_Excerpts from a dataset_
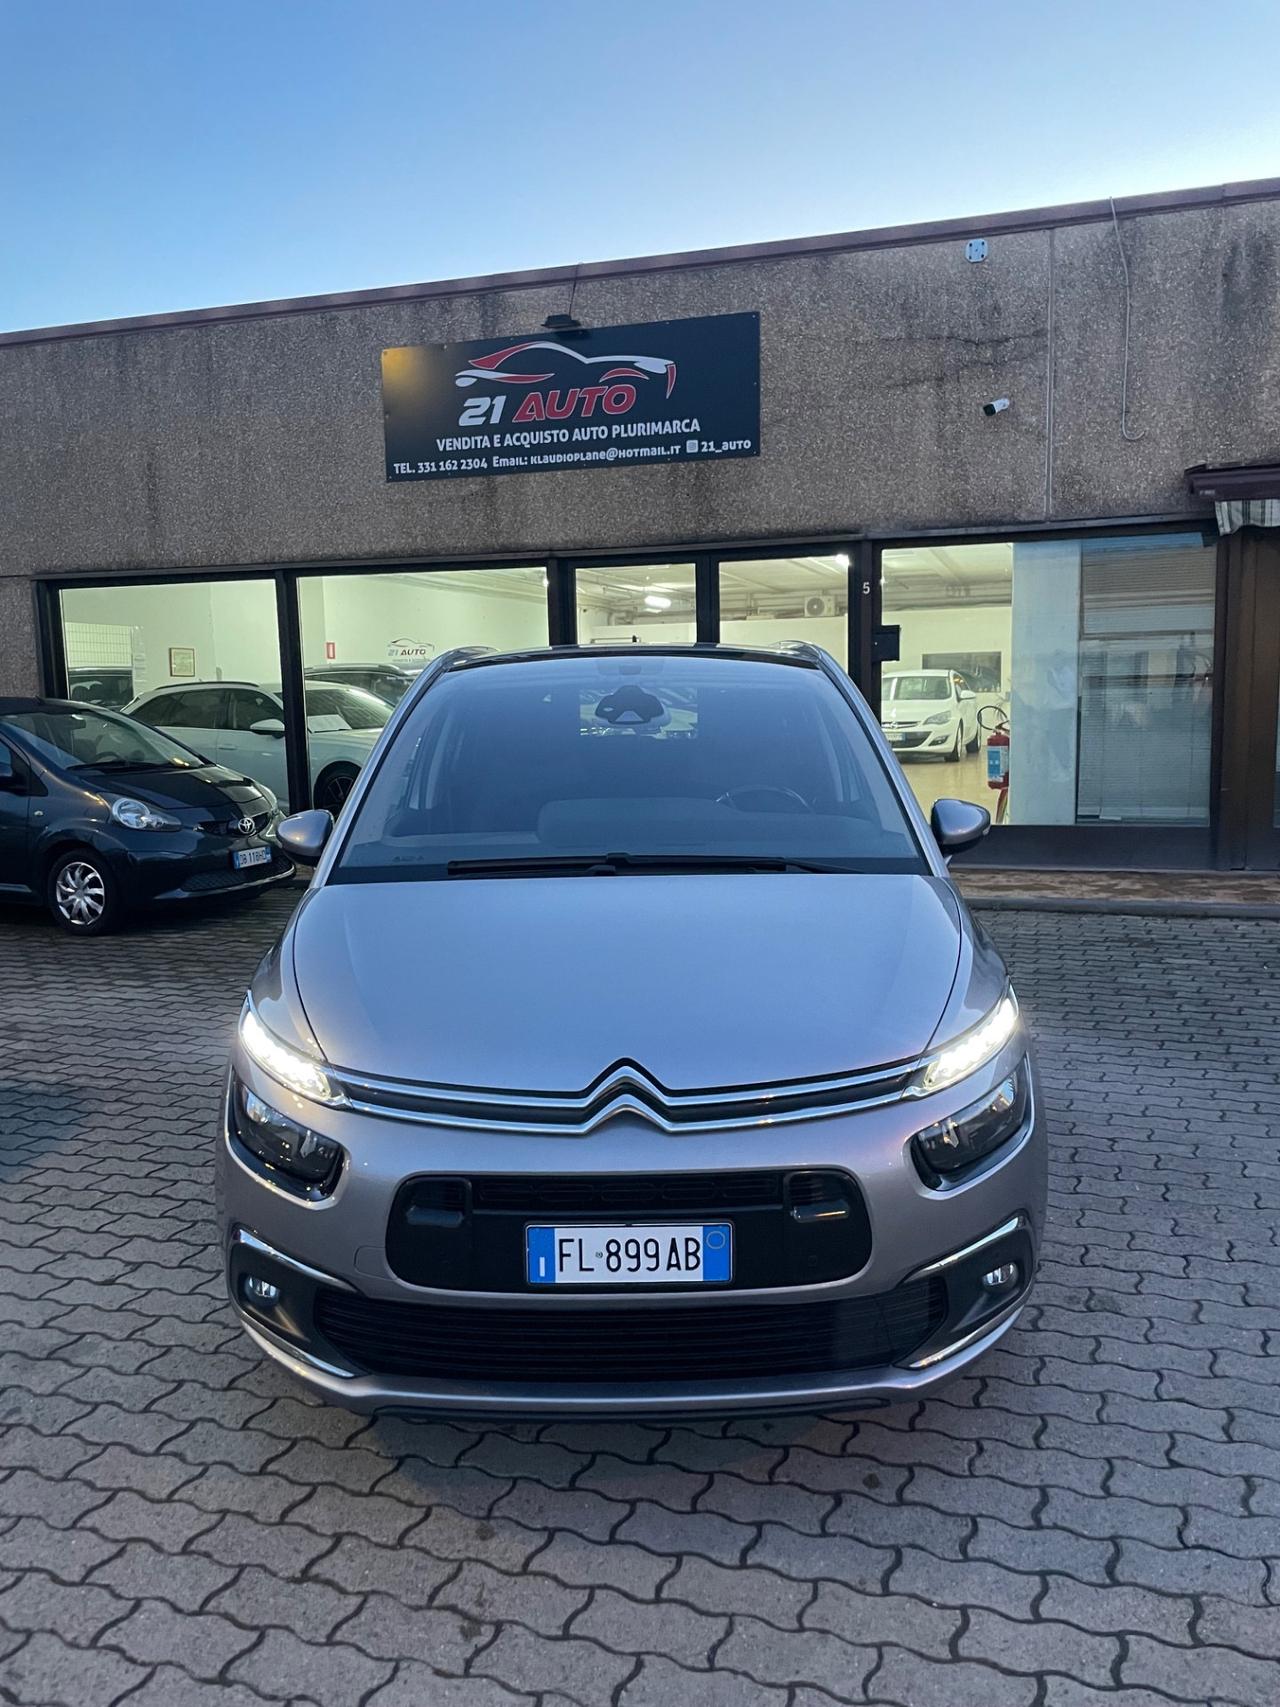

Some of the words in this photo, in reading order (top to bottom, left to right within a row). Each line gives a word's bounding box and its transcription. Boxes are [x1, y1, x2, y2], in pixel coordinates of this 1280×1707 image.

[458, 394, 507, 427] 21
[512, 384, 637, 424] AUTO
[436, 434, 490, 452] VENDITA
[493, 433, 501, 447] E
[504, 428, 570, 448] ACQUISTO
[572, 425, 609, 442] AUTO
[612, 418, 701, 438] PLURIMARCA
[393, 462, 416, 475] TEL.
[417, 461, 437, 474] 331
[439, 459, 458, 472] 162
[460, 457, 488, 470] 2304
[862, 582, 870, 594] 5

_Exercise details_
Leave every picture out, and transcribe the data above exactly as it reads.

_Solution to the problem_
Some of the words in this photo, in reading order (top to bottom, left to right within a row). Each line gives a word's bounding box and its transcription. Boxes are [x1, y1, x2, y2], in pixel coordinates of this 1280×1707 image.

[458, 394, 507, 427] 21
[512, 384, 637, 424] AUTO
[436, 434, 490, 452] VENDITA
[493, 433, 501, 447] E
[504, 428, 570, 448] ACQUISTO
[572, 425, 609, 442] AUTO
[612, 418, 701, 438] PLURIMARCA
[393, 462, 416, 475] TEL.
[417, 461, 437, 474] 331
[439, 459, 458, 472] 162
[460, 457, 488, 470] 2304
[862, 582, 870, 594] 5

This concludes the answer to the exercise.